Your task
All of the data should be output character for character, except the pictures.

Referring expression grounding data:
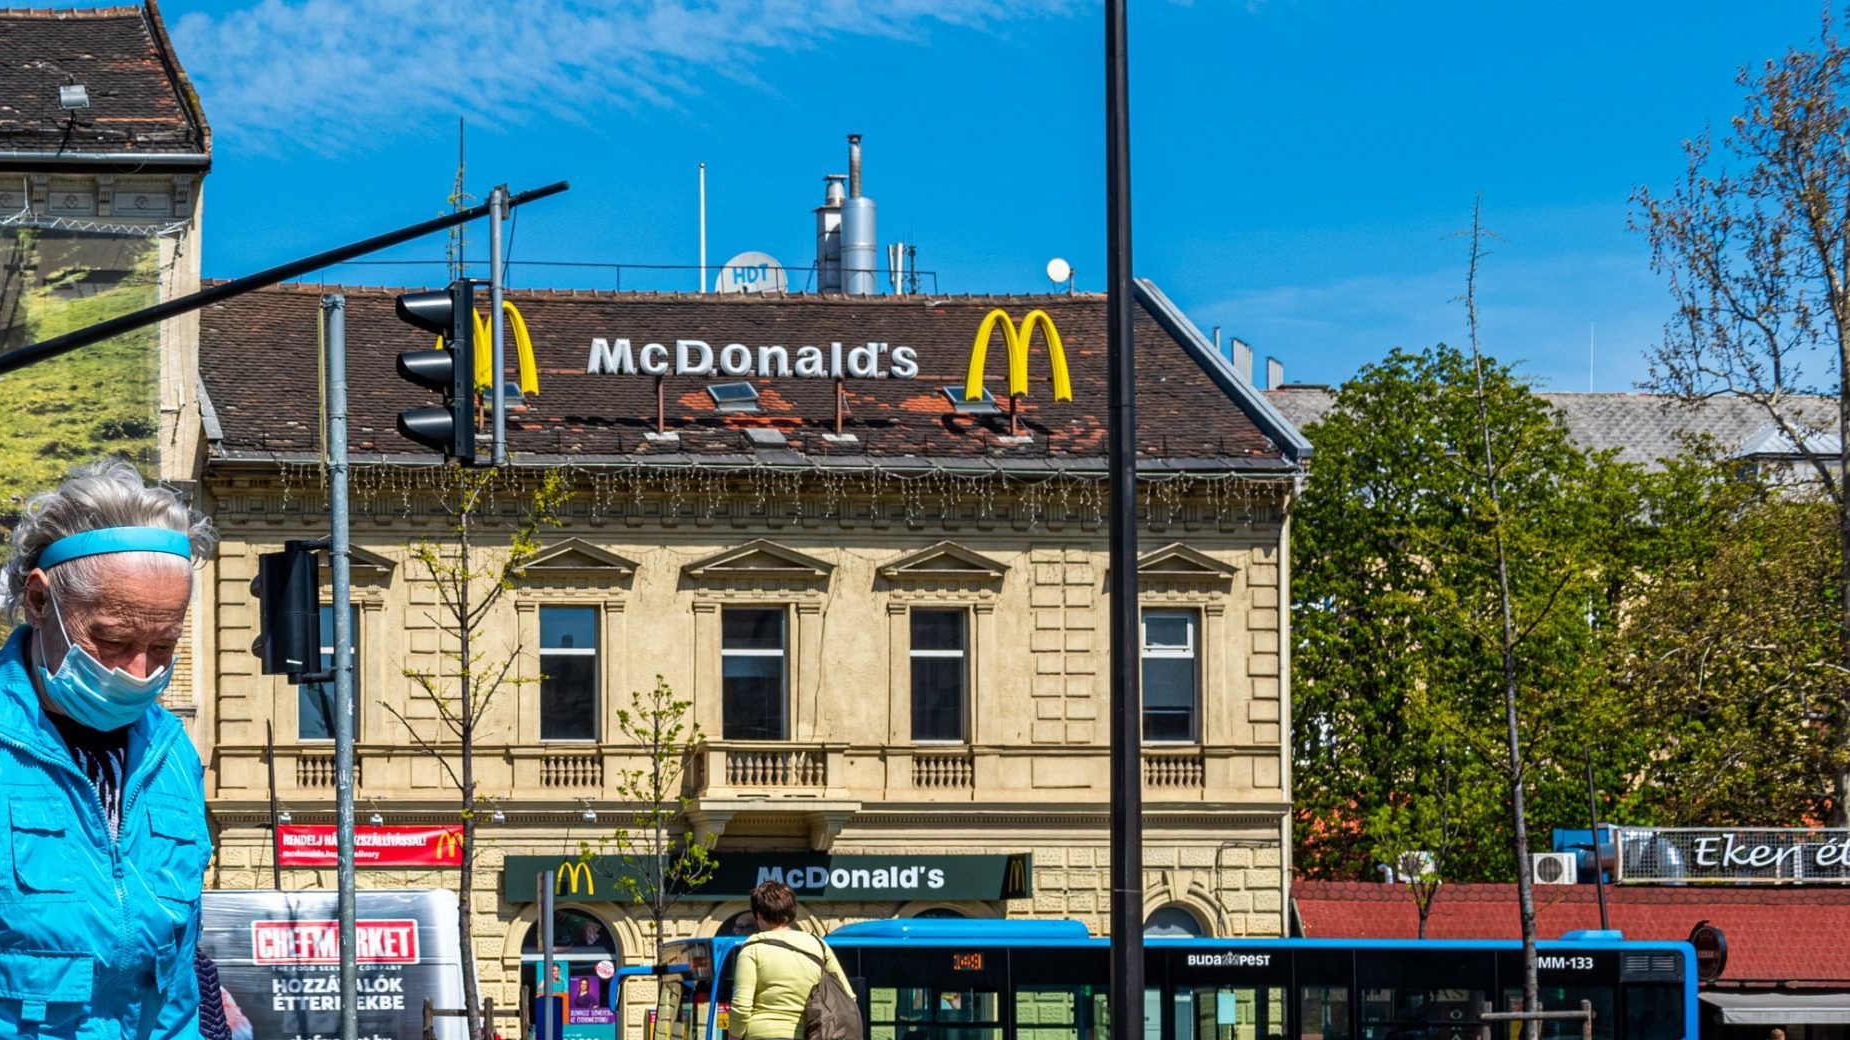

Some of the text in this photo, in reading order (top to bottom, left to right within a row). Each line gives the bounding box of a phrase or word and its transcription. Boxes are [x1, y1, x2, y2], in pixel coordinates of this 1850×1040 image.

[732, 262, 769, 285] HDT
[586, 337, 920, 379] McDonald's
[282, 834, 323, 846] RENDELJ
[756, 866, 946, 889] McDonald's
[257, 926, 411, 959] CHEFMRKET
[1537, 956, 1594, 969] MM-133
[272, 994, 406, 1012] ÉTTEREKBE
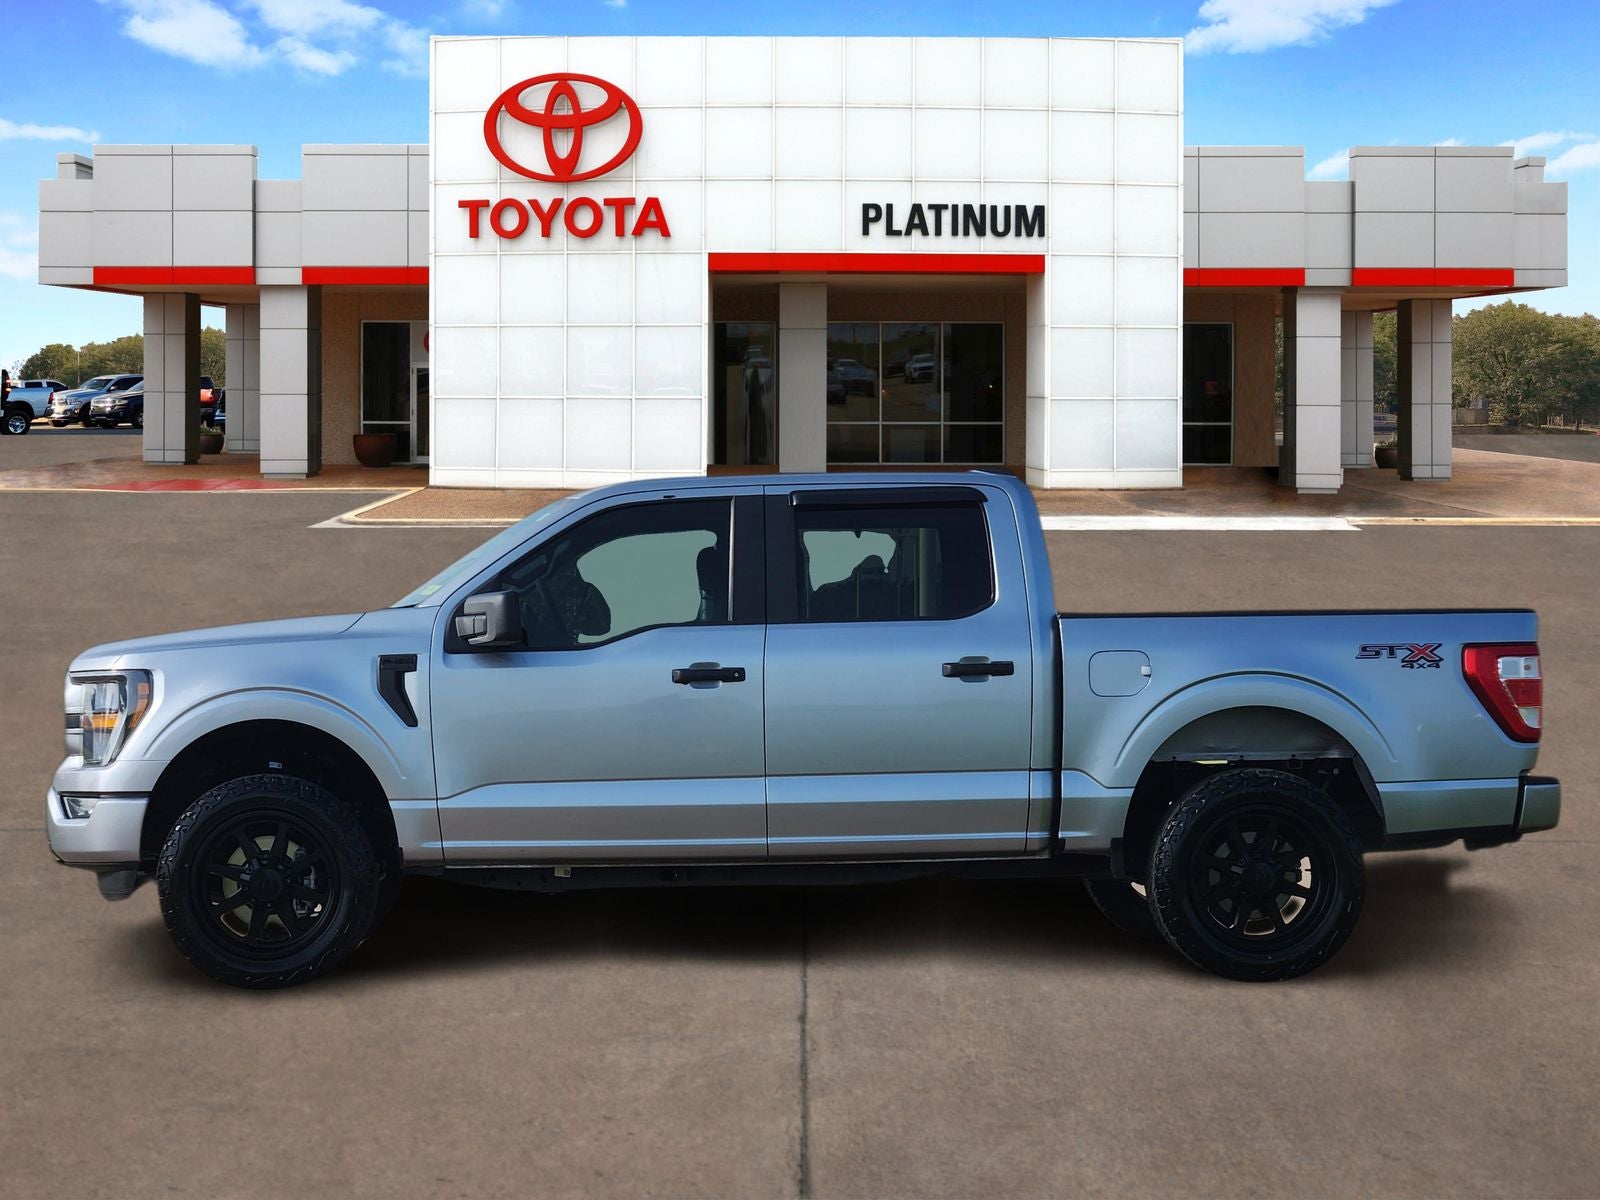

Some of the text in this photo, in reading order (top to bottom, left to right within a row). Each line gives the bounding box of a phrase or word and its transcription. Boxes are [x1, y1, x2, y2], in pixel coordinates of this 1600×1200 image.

[458, 197, 671, 239] TOYOTA
[862, 203, 1046, 238] PLATINUM
[1356, 643, 1444, 663] STX

Written response
Some of the text in this photo, in reading order (top to bottom, left to right within a row). Each line gives the bounding box of a phrase or word and its transcription. Boxes are [x1, y1, x2, y2], in pixel coordinates of this 1850×1040 image.

[732, 262, 769, 285] HDT
[586, 337, 920, 379] McDonald's
[282, 834, 323, 846] RENDELJ
[756, 866, 946, 889] McDonald's
[257, 926, 411, 959] CHEFMRKET
[1537, 956, 1594, 969] MM-133
[272, 994, 406, 1012] ÉTTEREKBE

Some of the text in this photo, in reading order (top to bottom, left to right within a row). Each line gives the bounding box of a phrase or word and its transcription. Boxes are [x1, y1, x2, y2], in pixel coordinates of this 1600×1200 image.

[458, 197, 671, 239] TOYOTA
[862, 203, 1046, 238] PLATINUM
[1356, 643, 1444, 663] STX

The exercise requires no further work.